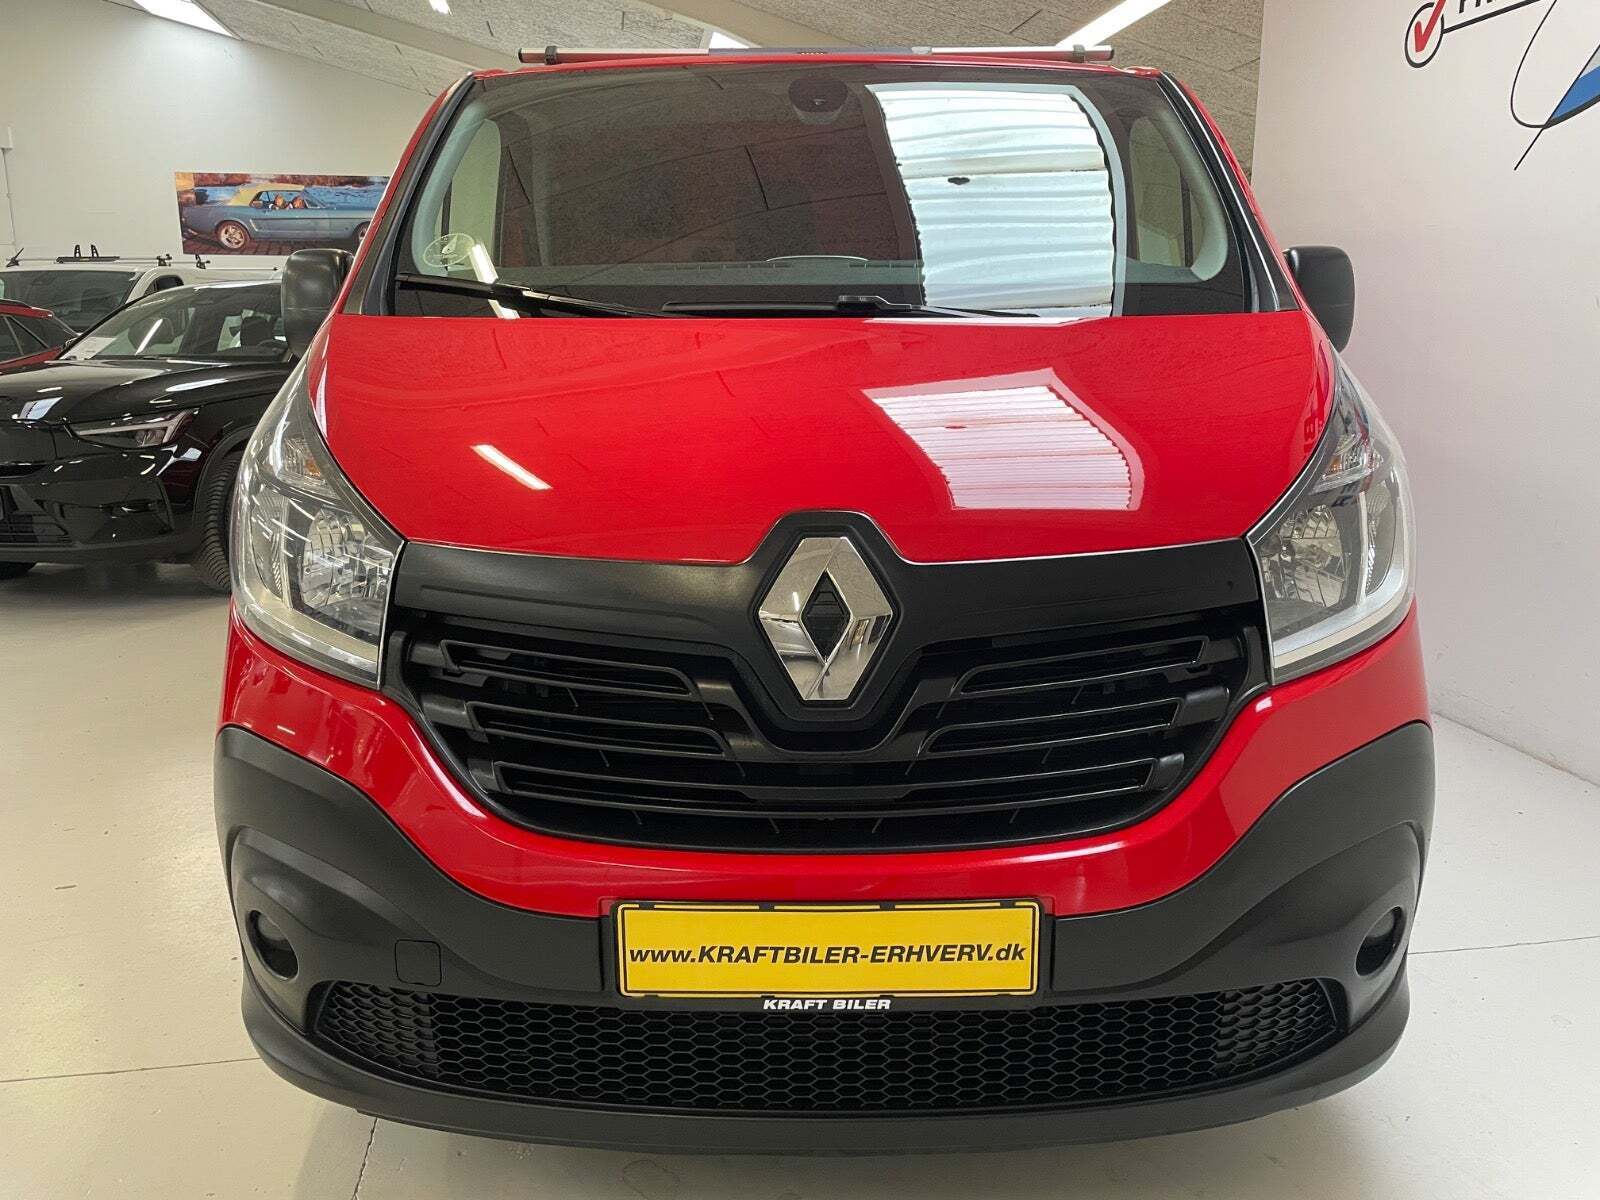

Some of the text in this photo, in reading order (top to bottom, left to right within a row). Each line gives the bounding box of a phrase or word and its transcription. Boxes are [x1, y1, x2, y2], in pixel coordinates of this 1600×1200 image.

[629, 943, 1027, 964] www.KRAFTBILER-ERHVERV.dk
[763, 999, 892, 1010] KRAFT BILER
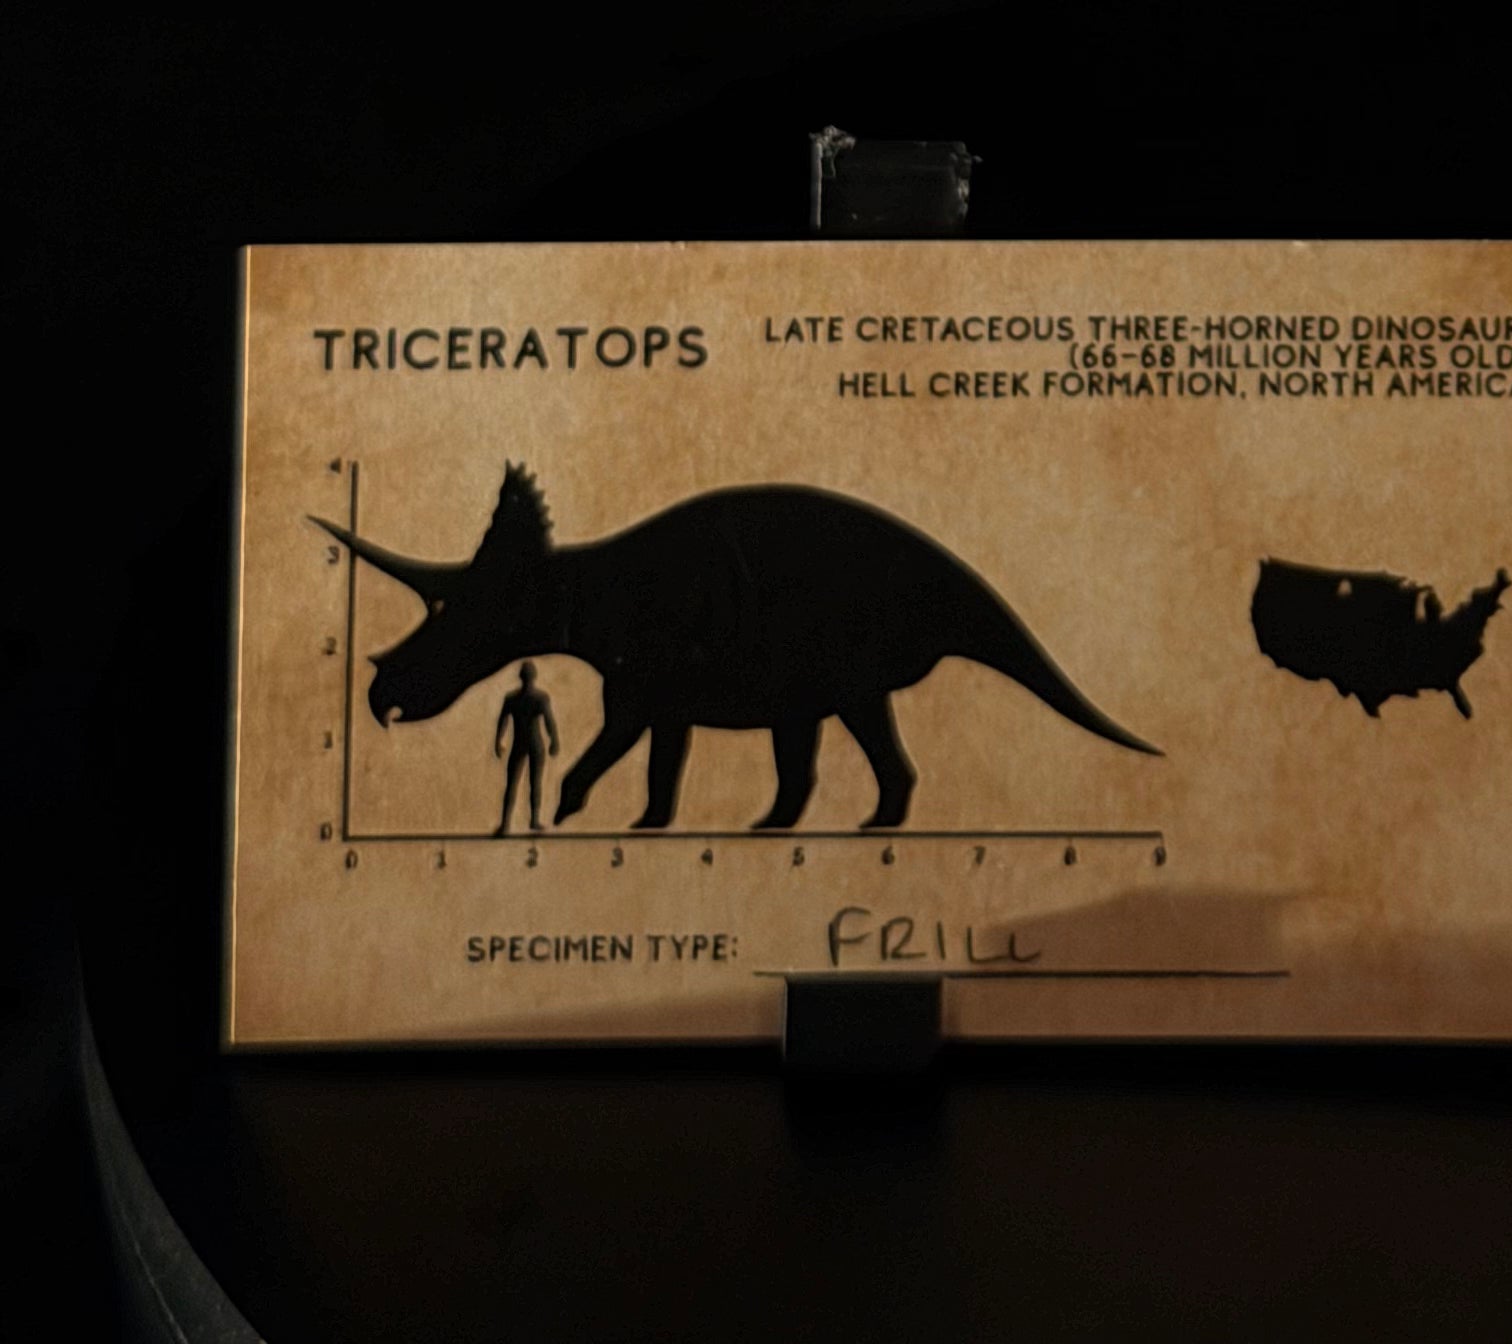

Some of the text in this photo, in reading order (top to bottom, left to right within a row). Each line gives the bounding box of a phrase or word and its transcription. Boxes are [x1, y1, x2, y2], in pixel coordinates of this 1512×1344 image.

[765, 316, 844, 343] LATE
[856, 316, 1075, 343] CRETACEOUS
[1088, 316, 1341, 342] THREE-HORNED
[313, 326, 709, 370] TRICERATOPS
[1189, 344, 1322, 369] MILLION
[1335, 344, 1438, 369] YEARS
[838, 372, 916, 399] HELL
[928, 372, 1031, 399] CREEK
[1042, 372, 1247, 400] FORMATION,
[1259, 372, 1374, 398] NORTH
[466, 933, 739, 964] SPECIMEN TYPE:
[827, 906, 1042, 967] FRILL
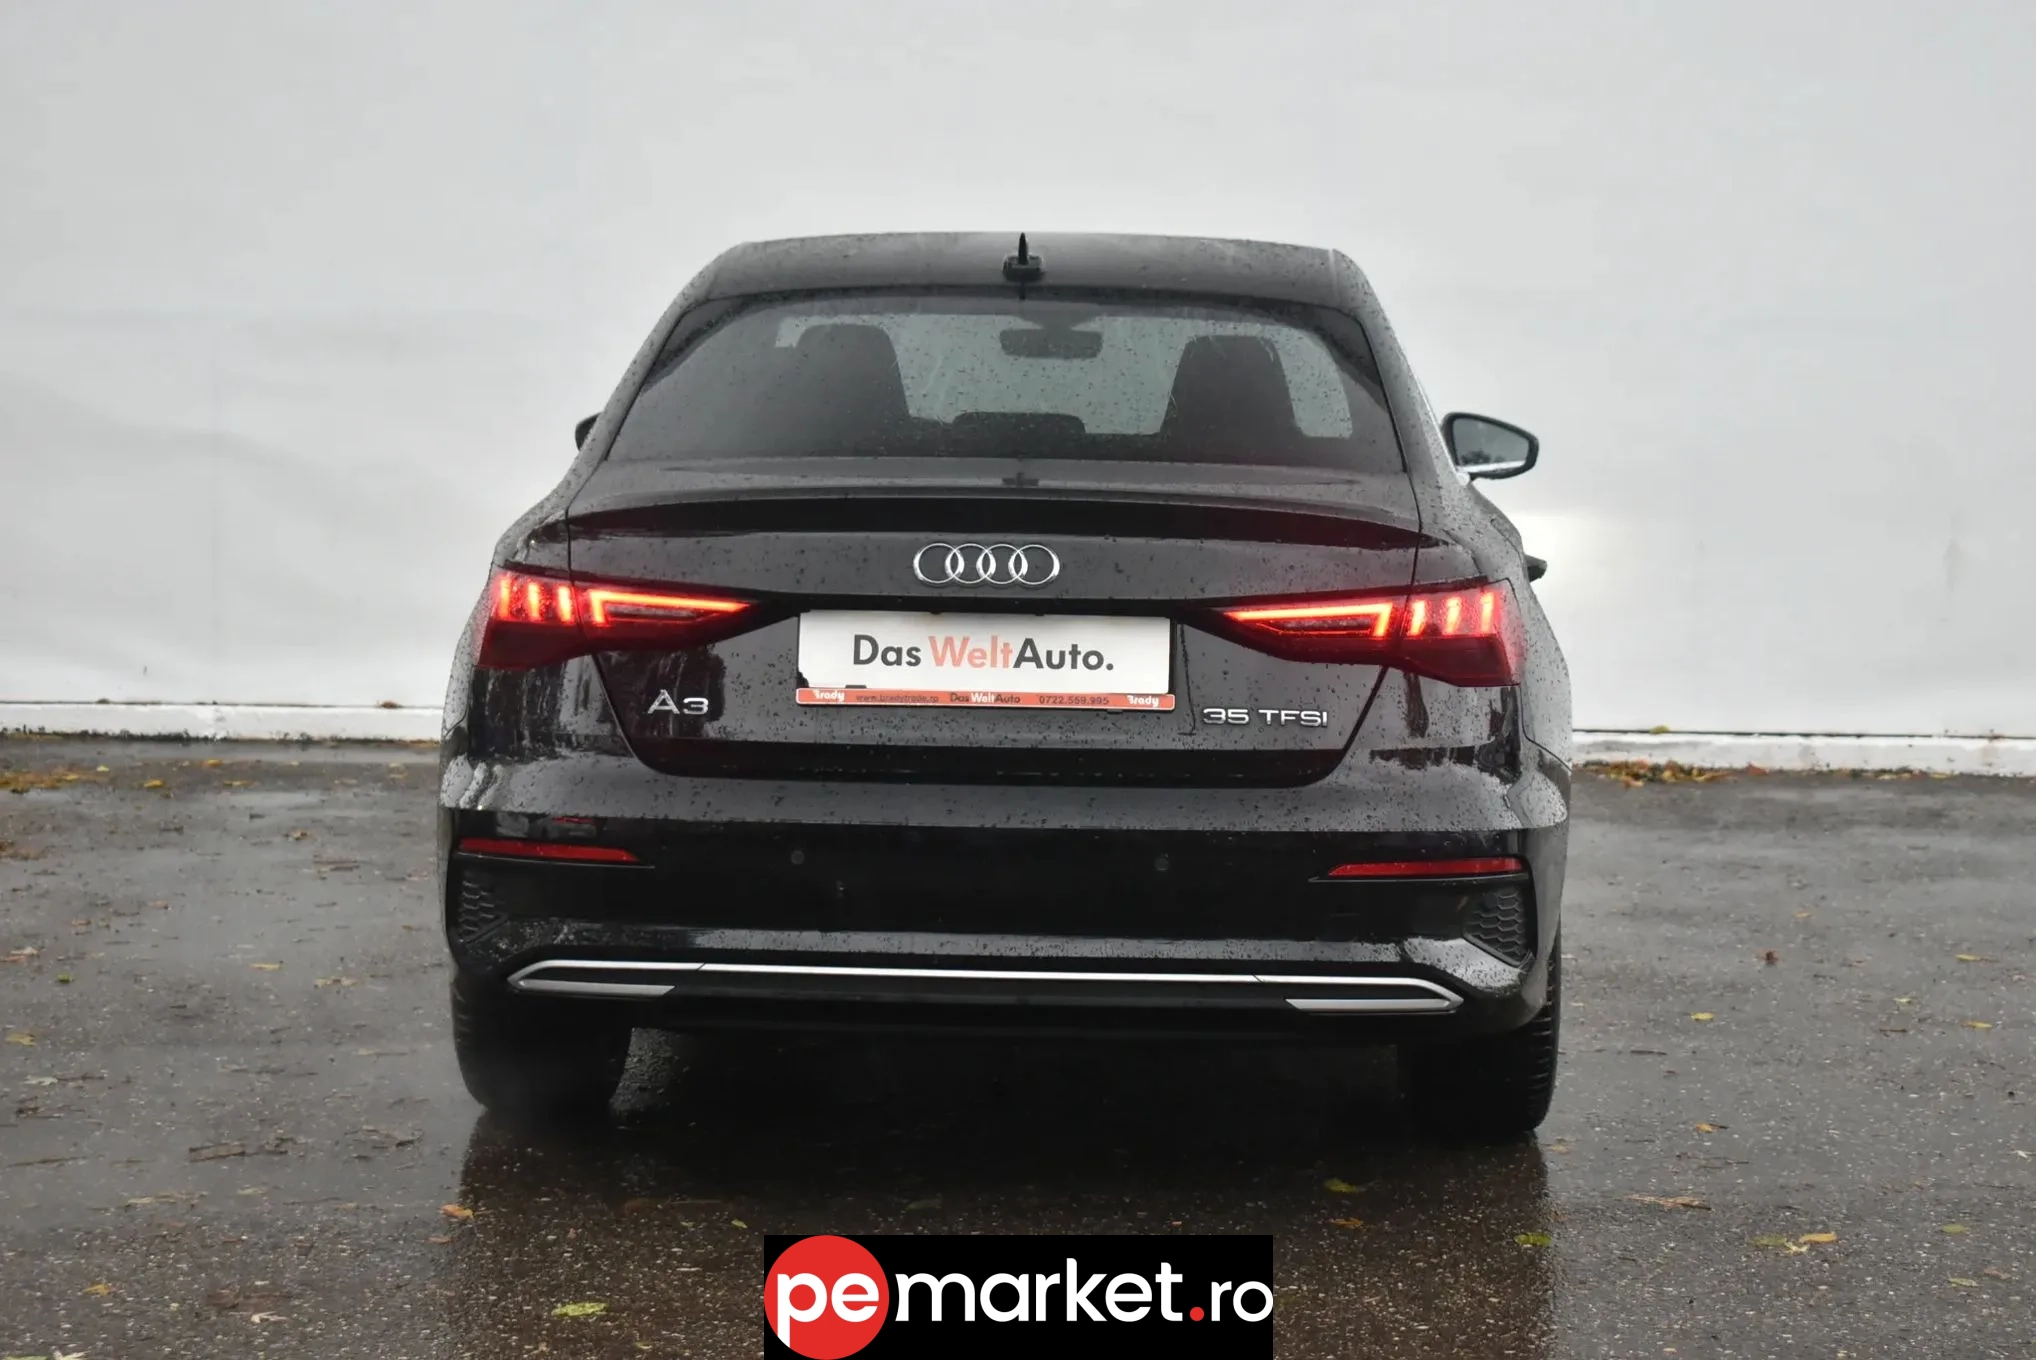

* What the exercise asks
What is the exact wording of the lines from the one bearing "this 1512×1344 image." through the final line of the records above? Write it out without the pictures.

* Response box
Some of the text in this photo, in reading order (top to bottom, left to right within a row). Each line gives the bounding box of a phrase or word and its transcription. Boxes are [x1, y1, x2, y2], in pixel coordinates of this 1512×1344 image.

[765, 316, 844, 343] LATE
[856, 316, 1075, 343] CRETACEOUS
[1088, 316, 1341, 342] THREE-HORNED
[313, 326, 709, 370] TRICERATOPS
[1189, 344, 1322, 369] MILLION
[1335, 344, 1438, 369] YEARS
[838, 372, 916, 399] HELL
[928, 372, 1031, 399] CREEK
[1042, 372, 1247, 400] FORMATION,
[1259, 372, 1374, 398] NORTH
[466, 933, 739, 964] SPECIMEN TYPE:
[827, 906, 1042, 967] FRILL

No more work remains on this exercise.